Today's Nature features an essay by Oxford's Tristram Wyatt on pheromones, I quizzed him about these intriguing chemicals:

OxSciBlog: What purpose do pheromones serve?
Tristram Wyatt: Animals use pheromones in all sorts of ways and pheromones are probably the commonest form of communication across all species of the animal kingdom (even though we cannot hear or see the messages).

Sex pheromones are used by many species and it was the silk moth sex pheromone that was the first one identified, 50 years ago this year. Dogs use a powerful sex pheromone as every dog owner will know – though this is one pheromone that we've not yet identified.

Social insects run their whole societies with pheromones, from trails and nest building to alarm pheromones to bring rapid defence of the colony. Social insects also provide good examples of primer pheromones, which have longer term effects on physiology. The queen honey bee sends a pheromone message round the hive which stops the workers laying their own eggs.

Underwater animals use pheromones too – for example goldfish have sex pheromone duets and lobsters do too. Humans undoubtedly have pheromones but none have been chemically identified.

OSB: Do animals send false pheromone signals?
TW: Yes, one of the most spectacular is the bolas spider which synthesizes moth pheromones which are so good that they attract male moths (to their death). Some orchids do a similar thing with the pheromones of wasps and bees to lure them to visit the flower to take on pollen – and deliver it to the next flower when they are duped again by the fake pheromones.

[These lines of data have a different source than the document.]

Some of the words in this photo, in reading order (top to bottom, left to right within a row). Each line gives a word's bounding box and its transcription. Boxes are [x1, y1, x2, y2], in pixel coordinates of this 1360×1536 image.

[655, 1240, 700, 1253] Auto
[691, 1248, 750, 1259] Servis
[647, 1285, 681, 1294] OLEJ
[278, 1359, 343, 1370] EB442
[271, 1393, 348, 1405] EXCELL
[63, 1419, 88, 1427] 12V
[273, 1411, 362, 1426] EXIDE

OSB: Why do you think theories about human pheromones are so controversial?
TW: I think we find it disturbing to imagine our behaviour could be influenced by chemicals given off by another human being! Yet at the same time most perfumes are advertised with the promise of just this kind of effect.

There may be a reluctance still to accept that we are mammals – and as mammals it is highly likely that we use pheromones, though there's no evidence for ones with instant effects like the dog or moth sex pheromone.

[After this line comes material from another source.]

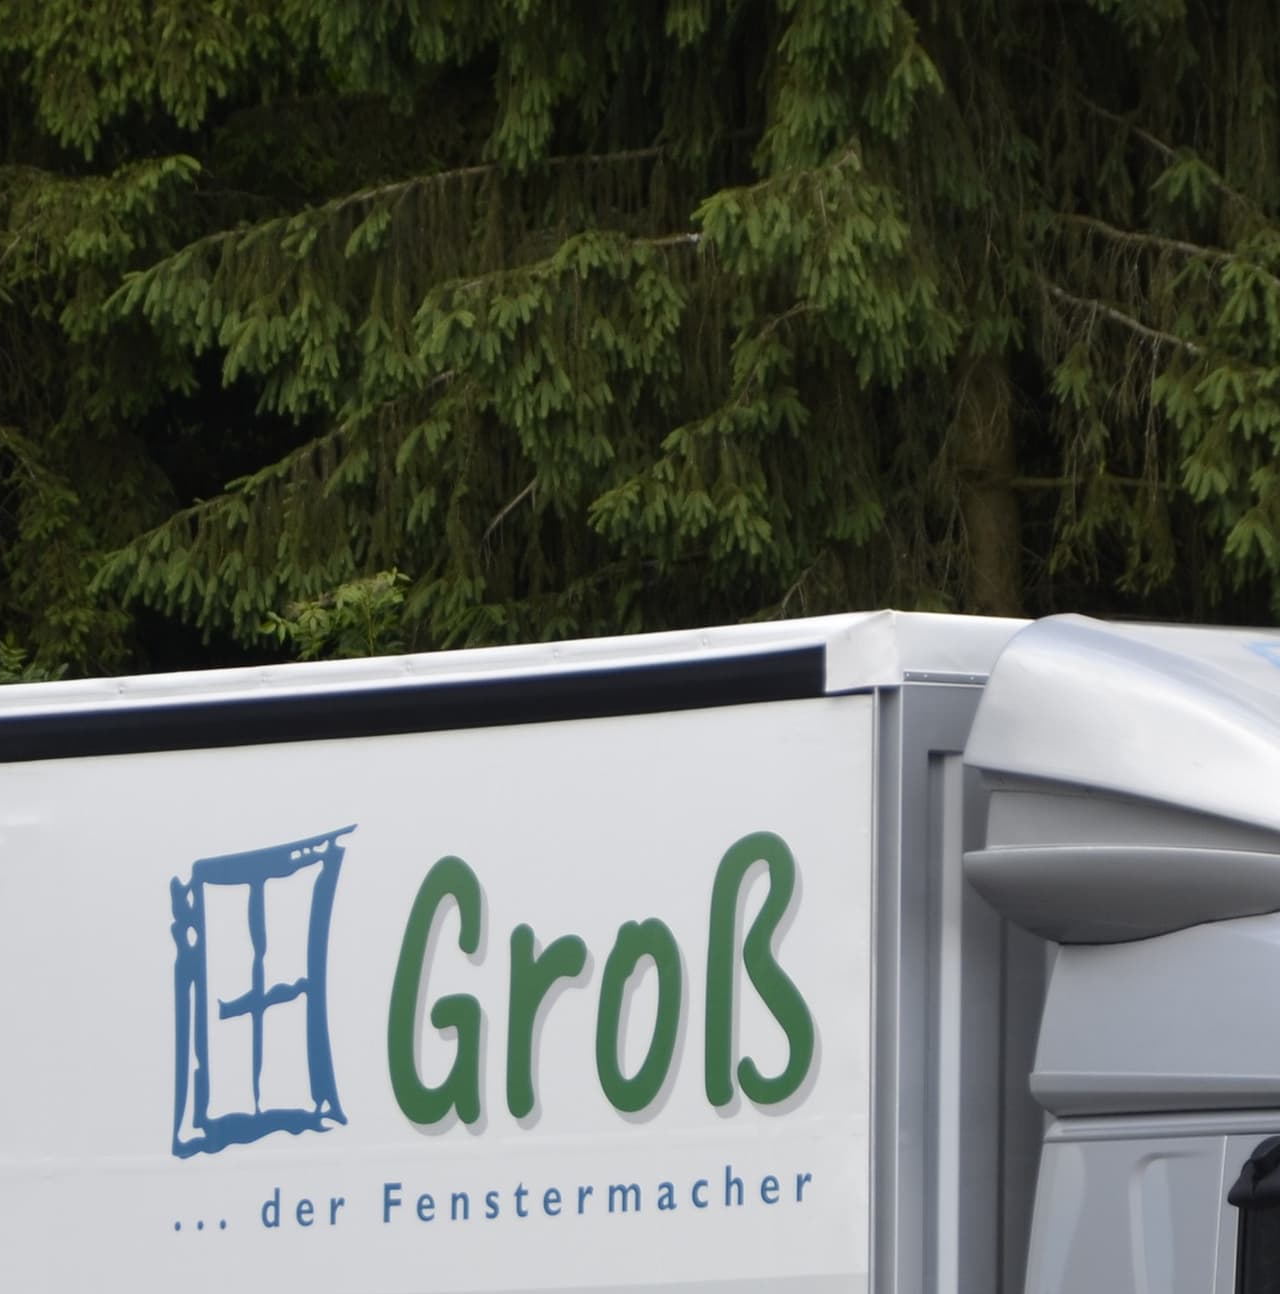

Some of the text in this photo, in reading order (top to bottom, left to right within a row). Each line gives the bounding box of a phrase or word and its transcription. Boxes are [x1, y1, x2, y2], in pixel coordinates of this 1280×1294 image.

[387, 831, 816, 1125] Groß
[260, 1186, 347, 1229] der
[382, 1165, 813, 1224] Fenstermacher

OSB: What are the biggest questions about human pheromones that remain to be answered?
TW: Well the first challenge is to chemically identify the first one. We are at the stage where we have some phenomena, for example hormonal effects on women when they smell sweat extracts from male armpits, which are pheromonal but the chemicals involved have not been identified.

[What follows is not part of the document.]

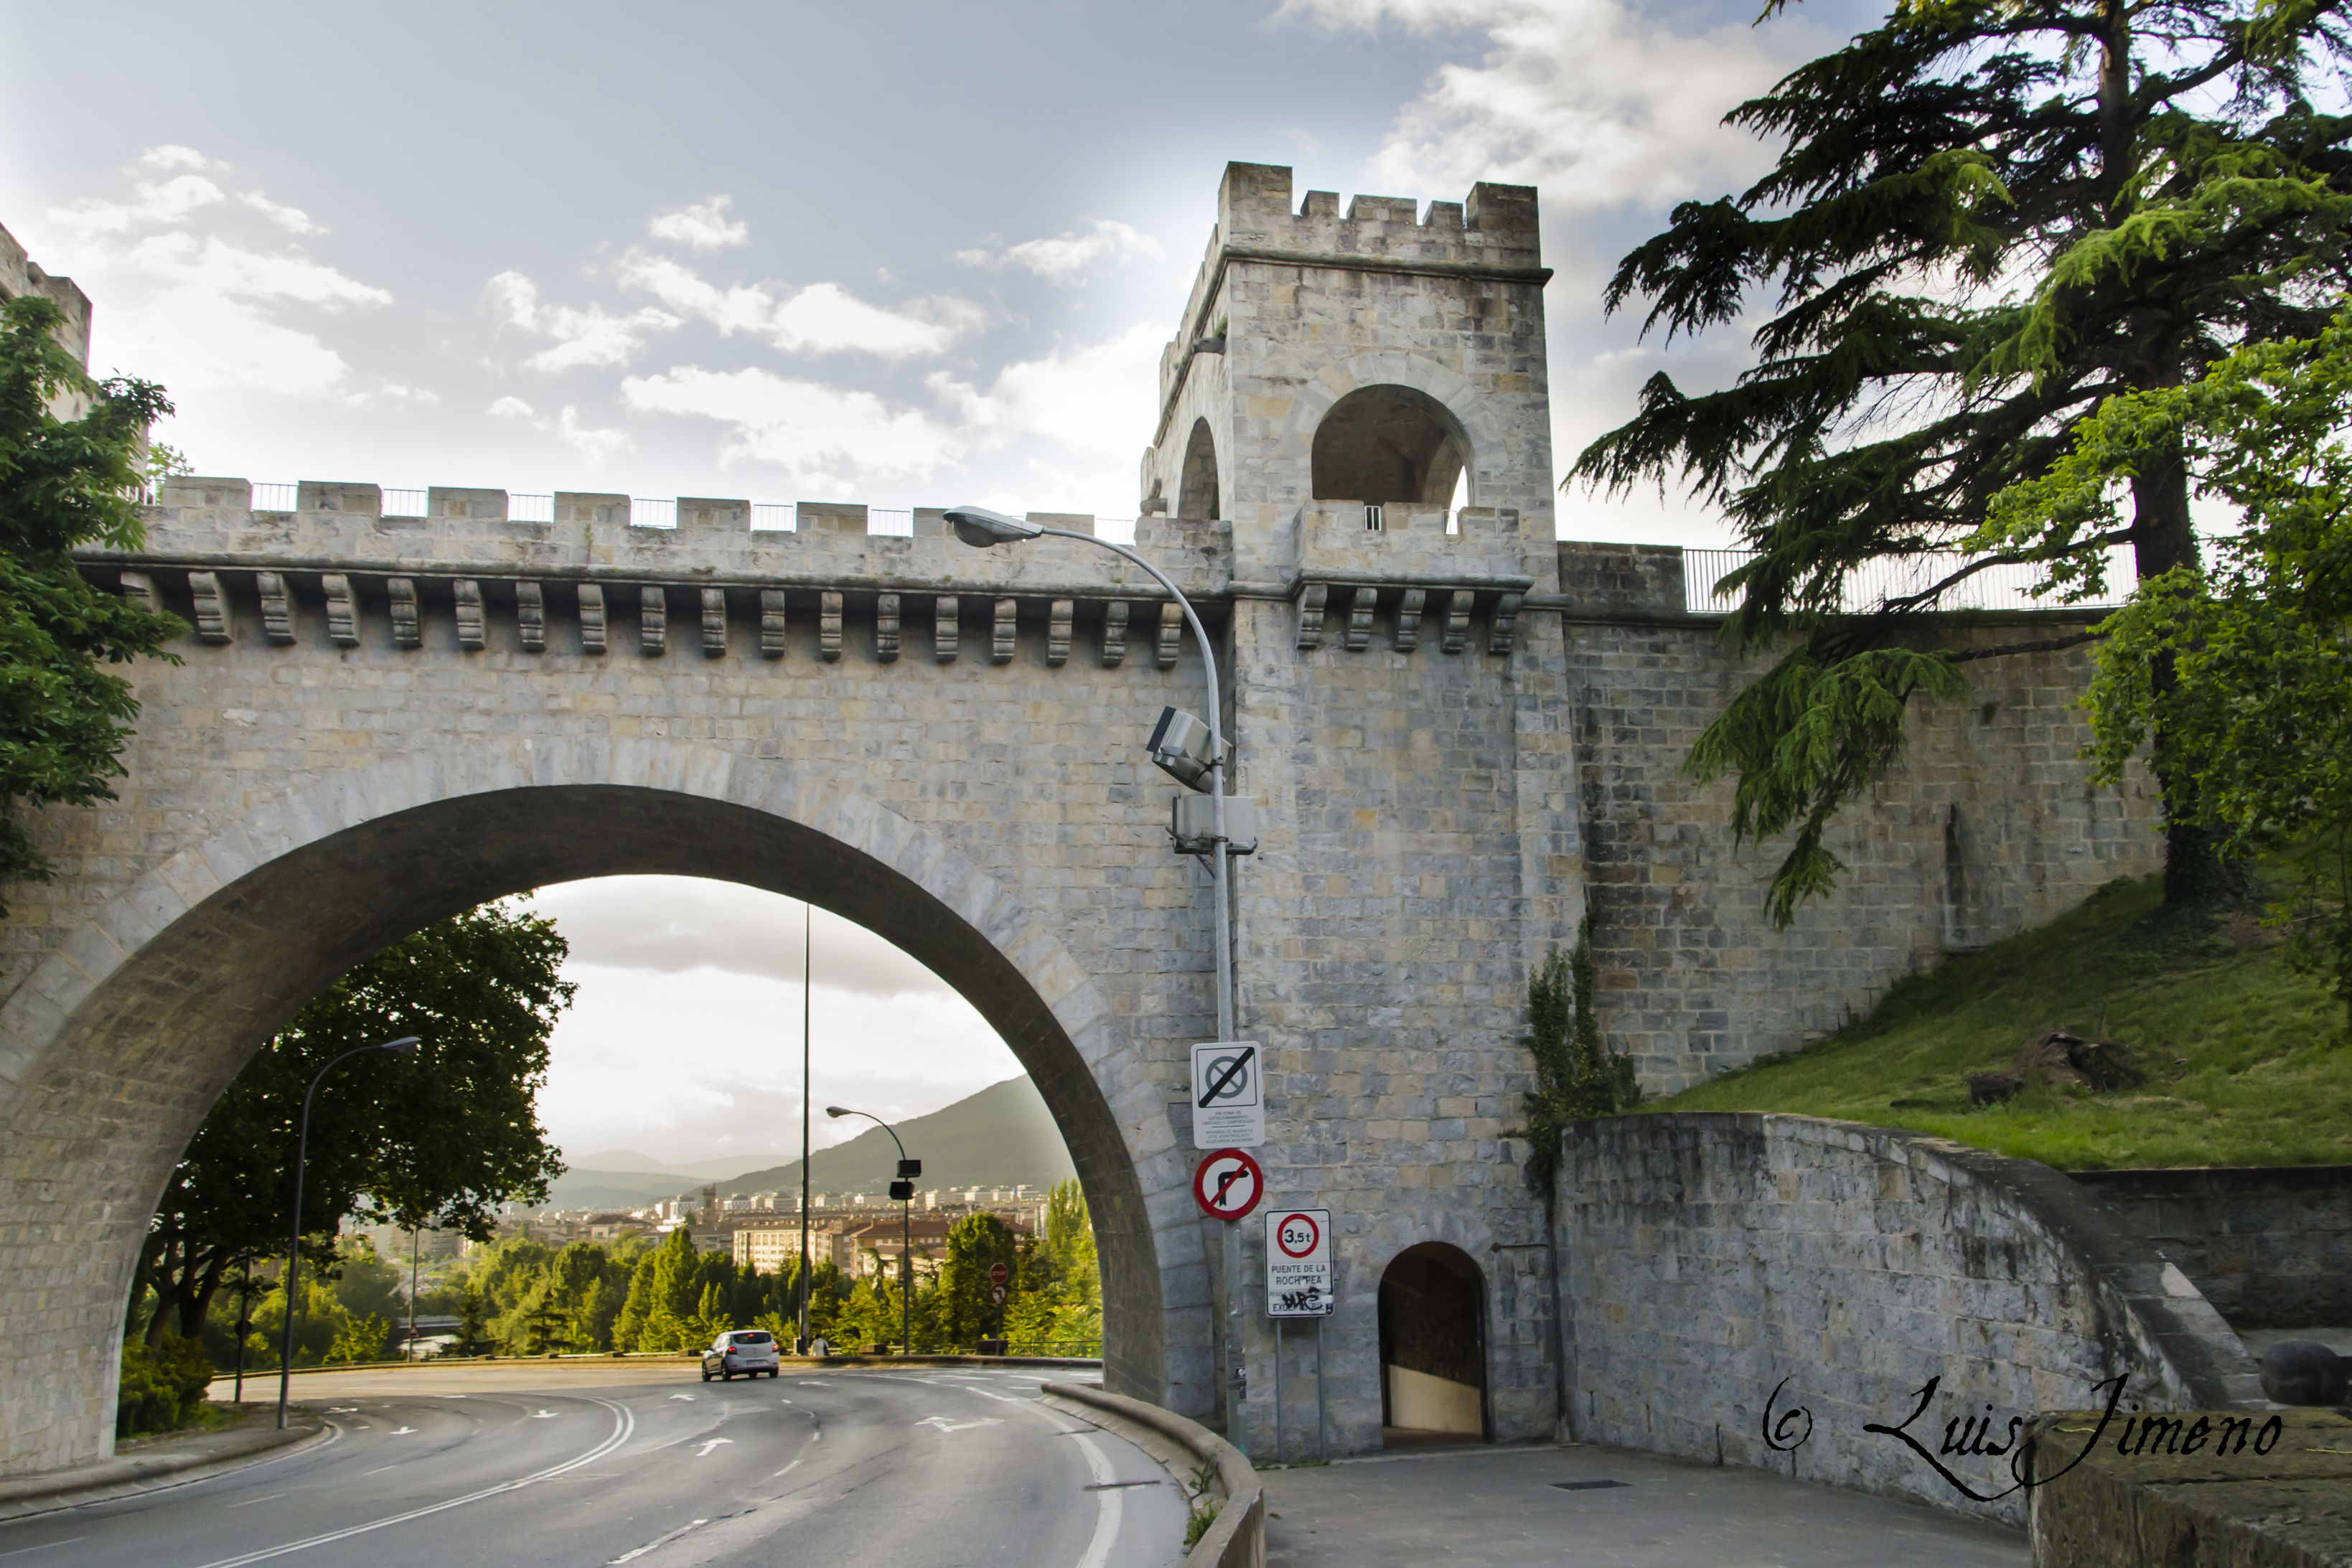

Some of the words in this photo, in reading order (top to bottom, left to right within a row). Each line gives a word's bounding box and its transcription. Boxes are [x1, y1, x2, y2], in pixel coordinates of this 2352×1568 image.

[1284, 1229, 1304, 1244] 3,5
[1306, 1233, 1311, 1242] t
[1276, 1276, 1322, 1285] ROCHPEA

We're at an early stage of understanding. It has been likened to the way that for hundreds of years doctors used foxglove leaf extracts to help with heart disease but it was relatively recently that the active molecule, digitalis (digoxin), in the leaf extracts was isolated, identified and synthesized.

Another candidate is the pheromone produced by women that appears to mediate the effect of menstrual syncrony in women living in close proximity. Again this has been shown to be produced by the armpits. I know that at least one team is trying to track down the chemical identity of the molecule. If they can find it, a whole new range of drug targets for contraceptive agents may open up.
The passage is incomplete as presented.